The A6500 also has one of the features that was painfully absent from the A6300 — a touchscreen LCD. Otherwise the internals are largely the same — there’s a 24.2-megapixel APS-C sensor, the same 425 phase detection autofocus points, the same absurd 100-512009 ISO range, and 4K video recording. Sony says the new camera will focus as fast as the A6300, too, taking just 0.05 seconds to lock on to a subject. It can also shoot stills at 11 frames per second, with a buffer of 307 shots.

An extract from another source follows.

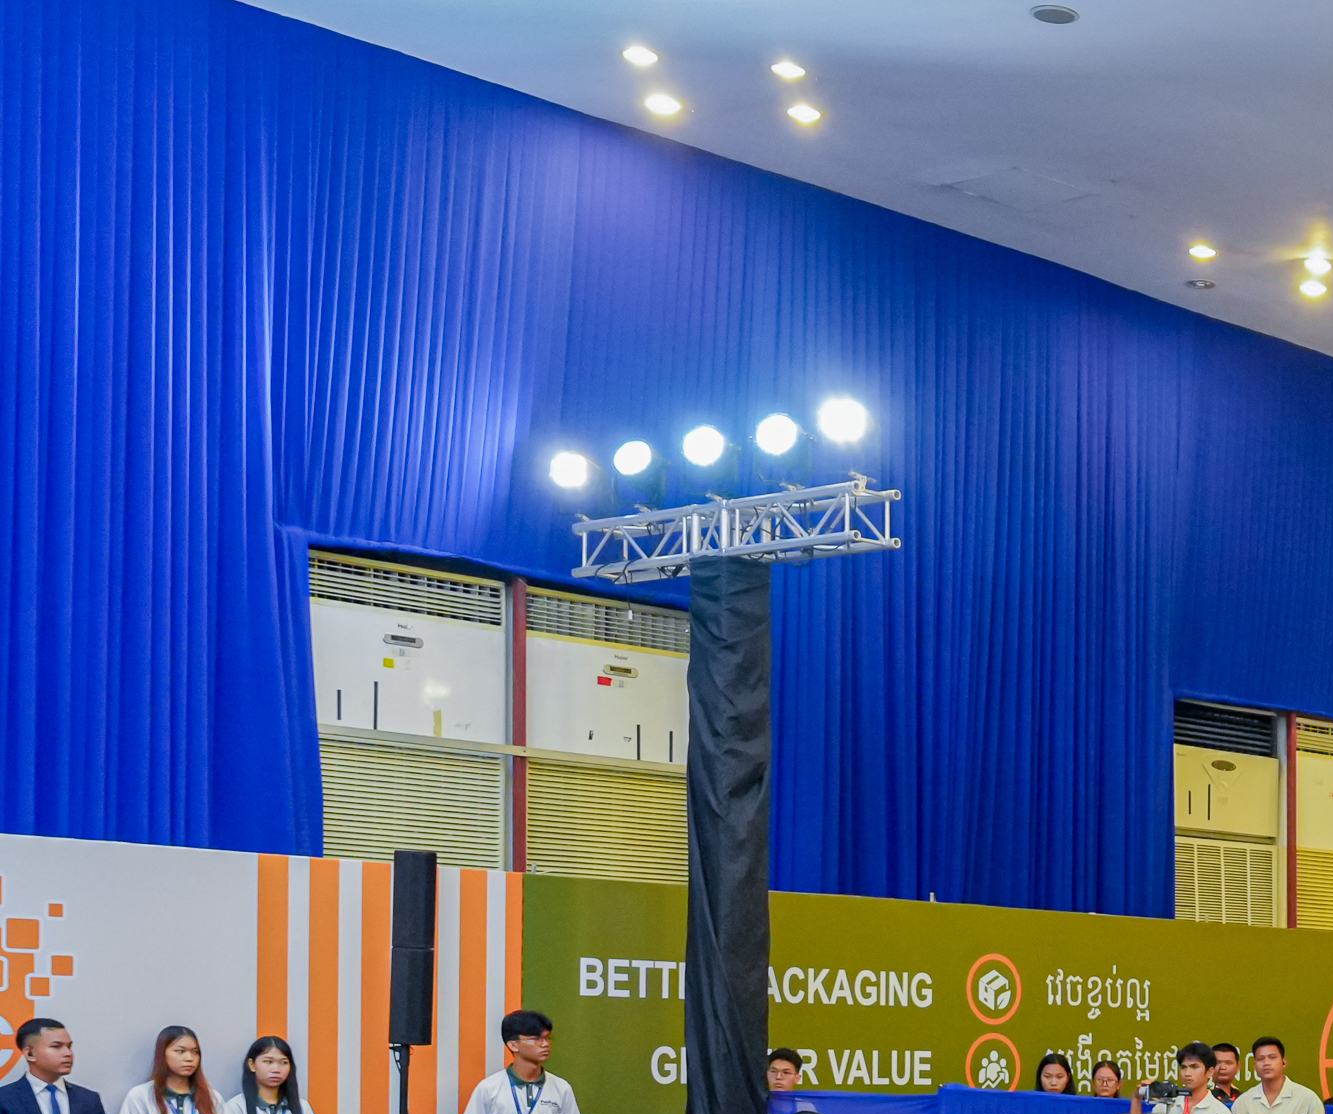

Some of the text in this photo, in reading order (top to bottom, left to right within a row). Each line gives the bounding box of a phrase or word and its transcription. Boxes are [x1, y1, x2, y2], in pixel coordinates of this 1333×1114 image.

[579, 957, 933, 1008] BETT ACKAGING
[828, 1049, 932, 1086] VALUE

One big change is that the A6500 has 5-axis image stabilization — a first, Sony says, for the company’s line of APS-C sensor cameras. The A6300 had some stabilization, but Sony was always cagey about exactly how it was working or how versatile it was. That the company is boasting about the A6500 having 5-axis stabilization is a good sign for people who want to shoot steady video or take photos in low light using long shutter speeds. To fit this tech into the camera, Sony made the A6500 a bit bigger than its predecessors.
The A6500 will ship in November and will cost “about $1,400” according to Sony. Considering how beloved the A6000 was, and how quickly photographers and videographers took to the A6300, there will be plenty of people waiting to lay down that money.